Given a square grid of side length N and m objects, design a bijection between each object and a unique set of coordinates

Given a square grid of side length N and m objects, can I design a 1-1 relationship between each object and a unique set of coordinates in that 2-D plane?

Imagine the context being something like storing objects in a hashmap of id to object and needing to calculate the L1 norm / Manhattan distance between any two objects quickly.

My initial thought was to use the mod operator and floor division, e.g. if we have $10$ objects and a $5$ by $5$ grid, maybe the unique location of object 7 will be $(25 \% 7, 25 // 7)$ = $(4, 3)$?
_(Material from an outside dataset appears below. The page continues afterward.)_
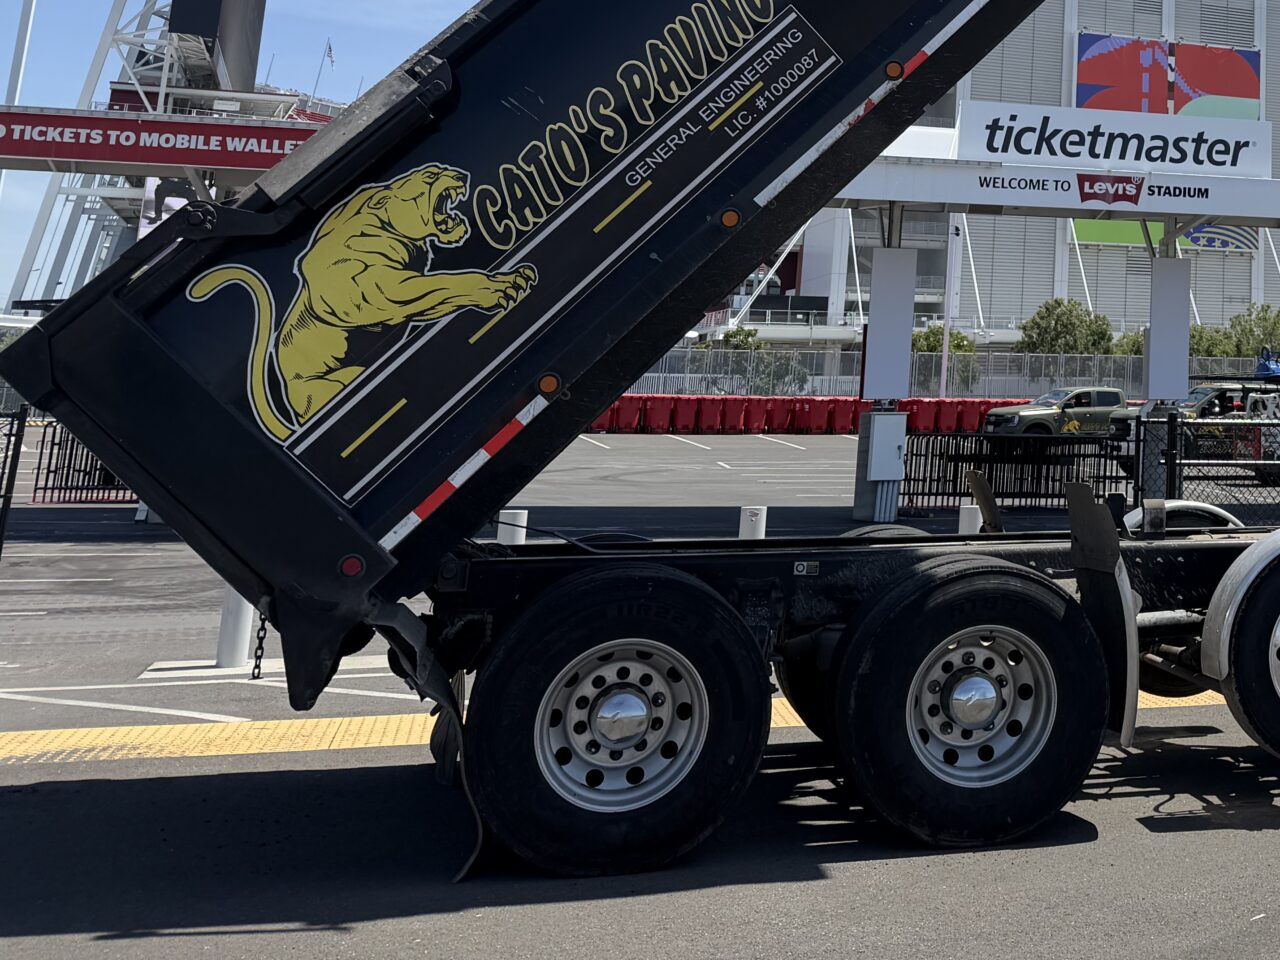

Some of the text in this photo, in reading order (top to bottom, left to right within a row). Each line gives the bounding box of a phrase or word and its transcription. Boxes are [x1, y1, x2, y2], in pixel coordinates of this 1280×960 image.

I'm less interested in an answer than I am in the thinking / creative process used to come up with a solution, and how to prove the answer is correct or disprove such a function exists.

Thank you!

• It should be 7%5, 7//5 or x%n, x//n in general for side length $n$. – orlp Jun 27 '18 at 1:14
• It is definitely possible. There exists a one-to-one mapping between $\mathbb{N}^2$ and $\mathbb{N}$ so there are definitely plenty of mappings between arbitrary grids and a subset of the natural numbers. $$(m,n)\mapsto \dfrac{(m+n)(m+n+1)}{2}+m$$ – InterstellarProbe Jun 27 '18 at 1:24
• how did you design this particular function? – Matt Jun 27 '18 at 1:59
• @Matt it is the Cantor Pairing Function. en.m.wikipedia.org/wiki/Pairing_function. It turns out it is the unique quadratic bijection between $\mathbb{N}^2$ and $\mathbb{N}$ – InterstellarProbe Jun 27 '18 at 2:07
• Edit: probably unique. I thought the theorem was proven. Apparently it is still open. – InterstellarProbe Jun 27 '18 at 2:12

The problem with your idea is that the values may fall outside the square. Object $1$ will be at $(0,10)$ and object $9$ will be at $(7,2)$, both outside your $5 \times 5$ square. The simplest approach is to use the side of the square as the denominator, so object $n$ goes at $(n\%N,n//N)$. This just puts them in the first columns as far as you need to go.